» What the task asks
Copy out the whole listing exactly as written, leaving the pictures behind.

» Dataset entries
Segment Open
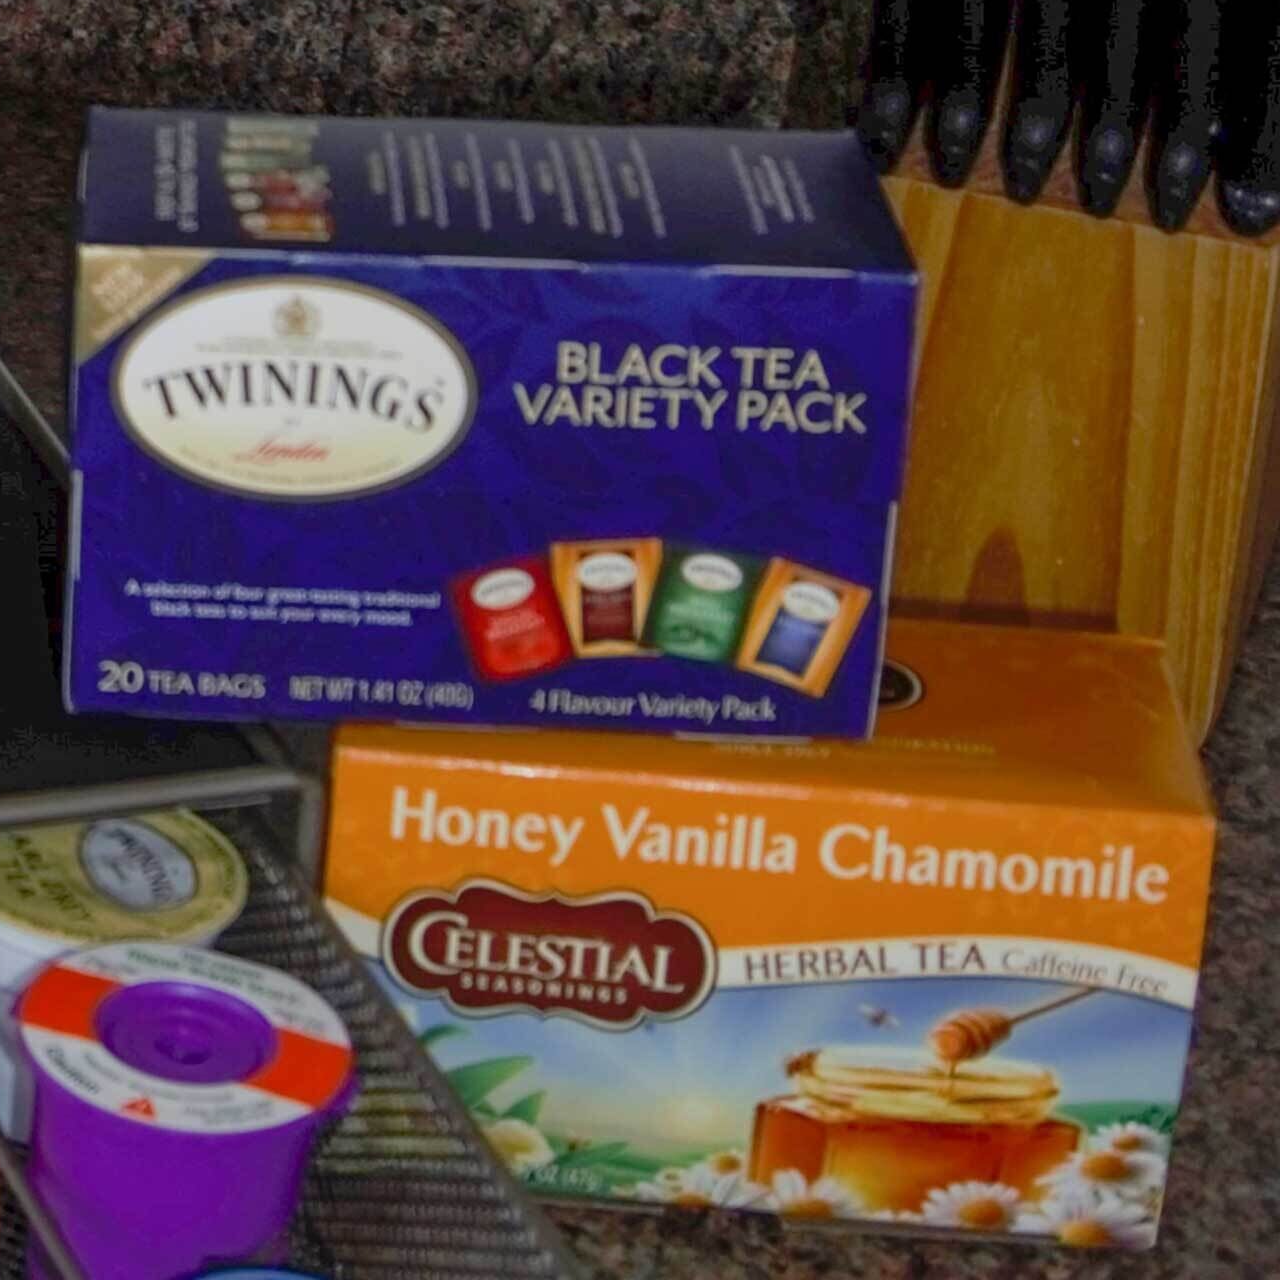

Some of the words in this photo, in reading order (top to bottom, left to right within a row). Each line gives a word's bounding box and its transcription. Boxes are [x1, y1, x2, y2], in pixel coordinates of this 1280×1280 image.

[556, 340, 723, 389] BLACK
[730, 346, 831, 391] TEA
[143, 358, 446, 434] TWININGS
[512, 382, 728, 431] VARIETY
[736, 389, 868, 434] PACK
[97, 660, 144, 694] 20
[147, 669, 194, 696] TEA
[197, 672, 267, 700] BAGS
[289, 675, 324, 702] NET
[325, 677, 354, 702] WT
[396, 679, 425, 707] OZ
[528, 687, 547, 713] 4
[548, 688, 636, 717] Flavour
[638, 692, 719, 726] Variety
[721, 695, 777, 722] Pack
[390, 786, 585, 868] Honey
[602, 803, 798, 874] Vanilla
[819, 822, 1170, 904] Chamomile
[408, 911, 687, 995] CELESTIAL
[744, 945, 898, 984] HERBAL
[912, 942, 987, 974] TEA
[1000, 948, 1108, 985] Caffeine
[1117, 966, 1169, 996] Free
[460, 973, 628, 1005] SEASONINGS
Segment Closed
» Output for this exercise
Some of the words in this photo, in reading order (top to bottom, left to right within a row). Each line gives a word's bounding box and its transcription. Boxes are [x1, y1, x2, y2], in pixel coordinates of this 1280×1280 image.

[556, 340, 723, 389] BLACK
[730, 346, 831, 391] TEA
[143, 358, 446, 434] TWININGS
[512, 382, 728, 431] VARIETY
[736, 389, 868, 434] PACK
[97, 660, 144, 694] 20
[147, 669, 194, 696] TEA
[197, 672, 267, 700] BAGS
[289, 675, 324, 702] NET
[325, 677, 354, 702] WT
[396, 679, 425, 707] OZ
[528, 687, 547, 713] 4
[548, 688, 636, 717] Flavour
[638, 692, 719, 726] Variety
[721, 695, 777, 722] Pack
[390, 786, 585, 868] Honey
[602, 803, 798, 874] Vanilla
[819, 822, 1170, 904] Chamomile
[408, 911, 687, 995] CELESTIAL
[744, 945, 898, 984] HERBAL
[912, 942, 987, 974] TEA
[1000, 948, 1108, 985] Caffeine
[1117, 966, 1169, 996] Free
[460, 973, 628, 1005] SEASONINGS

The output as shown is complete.